Doctor of Philosophy in Environmental Engineering (PhD)

College, School or Department Name

Department of Geological and Mining Engineering and Sciences

First Advisor

Shiliang Wu

Abstract

Aerosol and ozone are important components of the atmosphere, which play essential roles in affecting air quality and climate as well as adversely impacting human health. In this work, a chemical transport model (GEOS-Chem) is used as a tool to improve our understanding of these two species in response to anthropogenic perturbations in the context of global change.

A new physical condensation-coagulation and chemical oxidation aging scheme for carbonaceous aerosols has been implemented in GEOS-Chem. Atmospheric parameters, including water vapor, ozone, hydroxyl radicals and sulfuric acid concentrations, affect the hydrophobic-to-hydrophilic conversion lifetime (τ) for carbonaceous aerosols. The updated τ shows large spatial and temporal variations with the global average calculated to be about 2.6 days (up to 11 km altitude). Compared to the control simulation, the updated aging scheme increases the global burdens of BC (OC) by 9% (3%). Considerable enhancements of carbonaceous aerosols are observed in the Southern Hemisphere. Additionally, the updated aging scheme improves model simulations of carbonaceous aerosols for the remote areas in the Northern Hemisphere revealed from the comparisons to multiple observational datasets.

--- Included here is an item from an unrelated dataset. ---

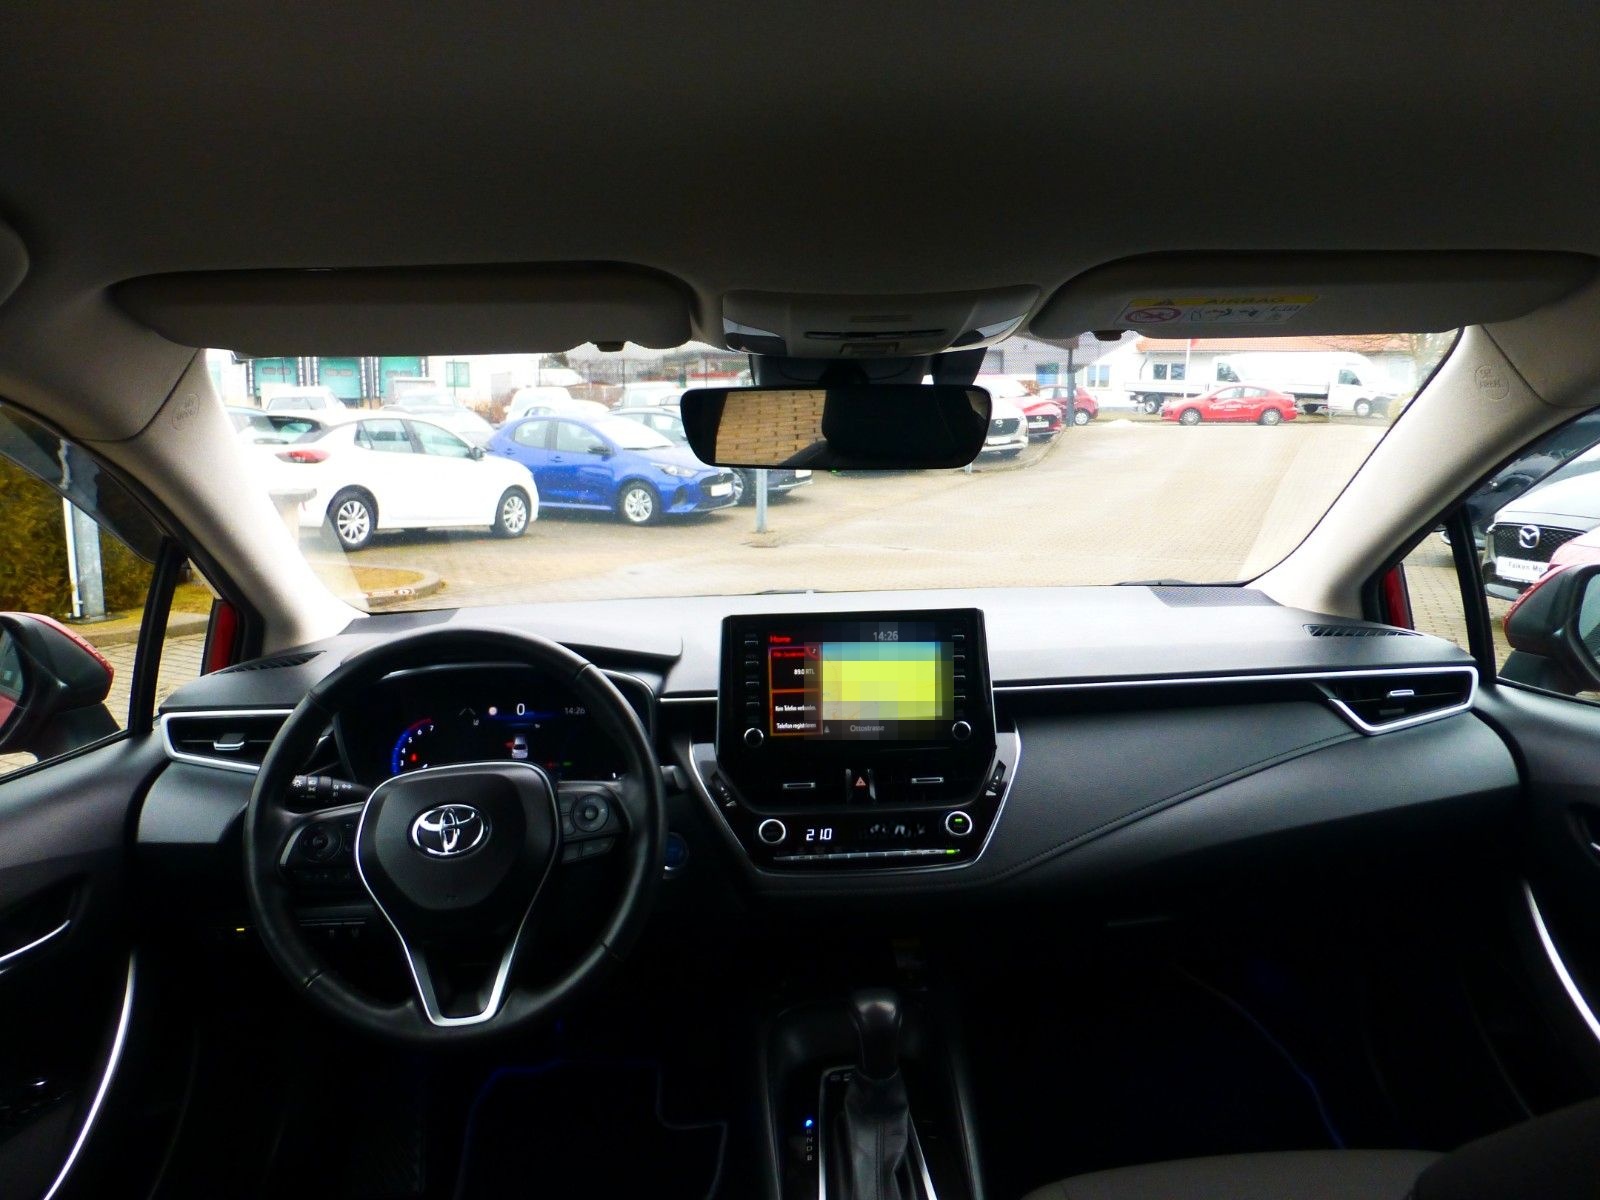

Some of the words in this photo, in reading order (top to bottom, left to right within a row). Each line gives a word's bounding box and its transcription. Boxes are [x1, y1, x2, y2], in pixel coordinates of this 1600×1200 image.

The impacts of land use/land cover associated with global change on global wildfires over the period 2000-2050 are investigated. Compared to the 2000 levels, the 2050 fire frequencies are projected to increase by about 27%. Changes in fire meteorology (including temperature, precipitation and relative humidity) driven by 2000-2050 climate change are calculated to increase the global fire frequency by approximately 19%. Relative to the present-day conditions, fire frequencies under the 2050 conditions are found to increase by 4% in response to changes in lightning activities driven by climate change. Changes in land cover by 2050 driven by climate change and increasing CO2 fertilization are expected to increase the global wildfire occurrences by 15% relative to the 2000 conditions while the 2000-2050 anthropogenic land use changes show little effects on global wildfire frequency. The 2000-2050 changes in global population are projected to reduce the total wildfires by about 7%.

Model evaluations against in-situ measurements and balloon campaigns over Summit, Greenland in the Arctic show that snowpack NOx emissions missing from current model contribute over 50% to the model simulated surface NOx mixing ratios during late spring to early summer. Simultaneously, model simulated surface ozone mixing ratios during this period are found to be underestimated by ~9 ppbv (19%), which possibly attributes to the missing snowpack NOx emissions in the model, model uncertainties in assimilated meteorological fields as well as the underestimates of stratosphere-to-troposphere events during this period.

Driven by intensification of agricultural fertilizer applications in the sub-Saharan Africa, future African surface soil NOx emissions are projected to substantially increase. Constrained by field measurements, model simulation by GEOS-Chem shows that surface ozone mixing ratios increase by up to 2.2 ppbv in response to the 150 kg N ha-1 fertilizer application rate, which potentially causes about 2-2.5% yield decline for crop productions.